======== Material for this exercise ========

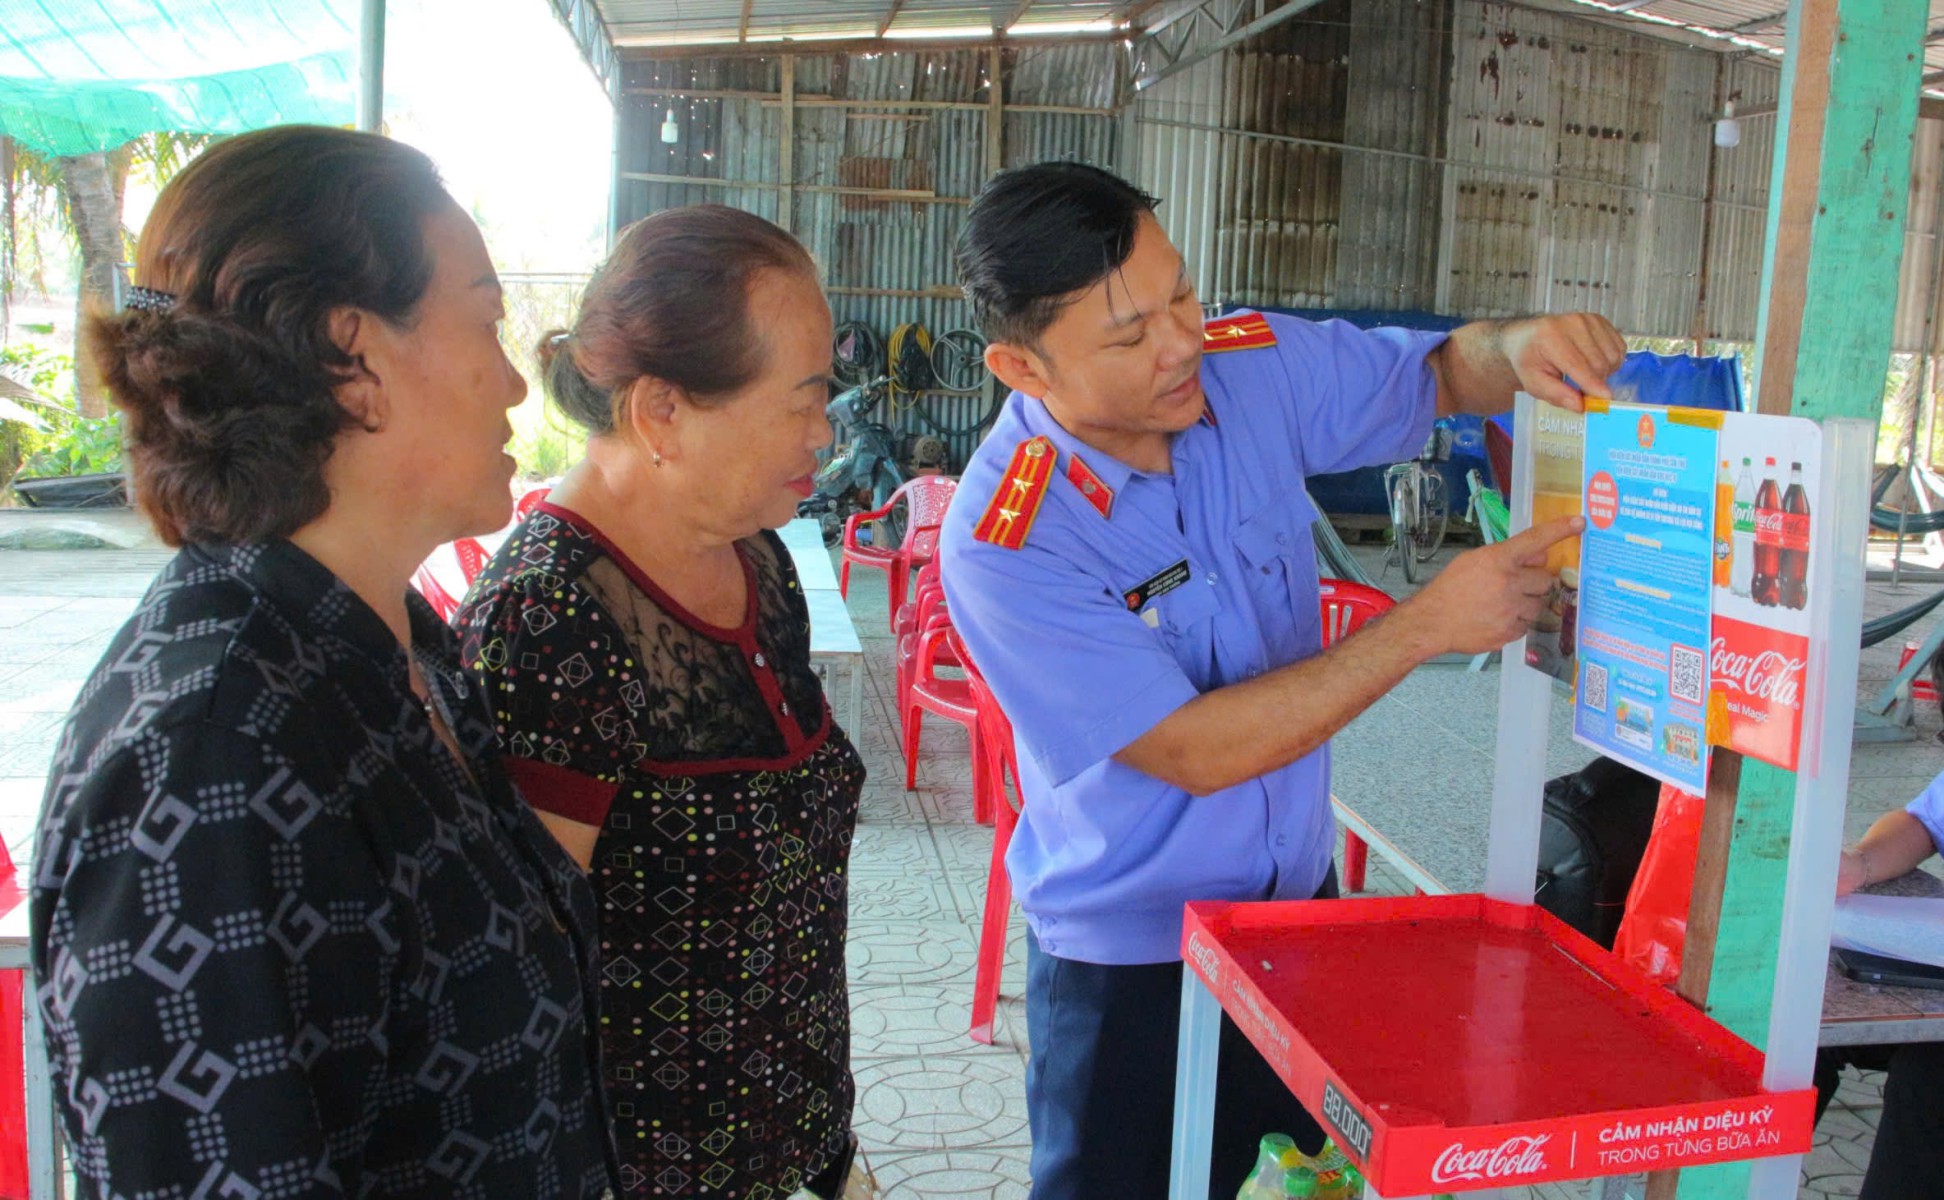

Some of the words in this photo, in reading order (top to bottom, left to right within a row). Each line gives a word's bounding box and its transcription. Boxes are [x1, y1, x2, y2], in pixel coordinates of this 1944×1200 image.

[1727, 701, 1740, 714] eal
[1741, 704, 1769, 722] Magic
[1599, 1122, 1641, 1143] CẢM
[1645, 1117, 1699, 1138] NHẬN
[1703, 1110, 1745, 1131] DIỆU
[1598, 1144, 1660, 1166] TRONG
[1665, 1136, 1712, 1157] TỪNG
[1716, 1131, 1751, 1150] BỮA
[1755, 1130, 1781, 1146] ĂN

========

Task objective: Whenever a line holds a picture, print that line without the picture. All other data must be output exactly.

Solution:
Some of the words in this photo, in reading order (top to bottom, left to right within a row). Each line gives a word's bounding box and its transcription. Boxes are [x1, y1, x2, y2], in pixel coordinates of this 1944×1200 image.

[1727, 701, 1740, 714] eal
[1741, 704, 1769, 722] Magic
[1599, 1122, 1641, 1143] CẢM
[1645, 1117, 1699, 1138] NHẬN
[1703, 1110, 1745, 1131] DIỆU
[1598, 1144, 1660, 1166] TRONG
[1665, 1136, 1712, 1157] TỪNG
[1716, 1131, 1751, 1150] BỮA
[1755, 1130, 1781, 1146] ĂN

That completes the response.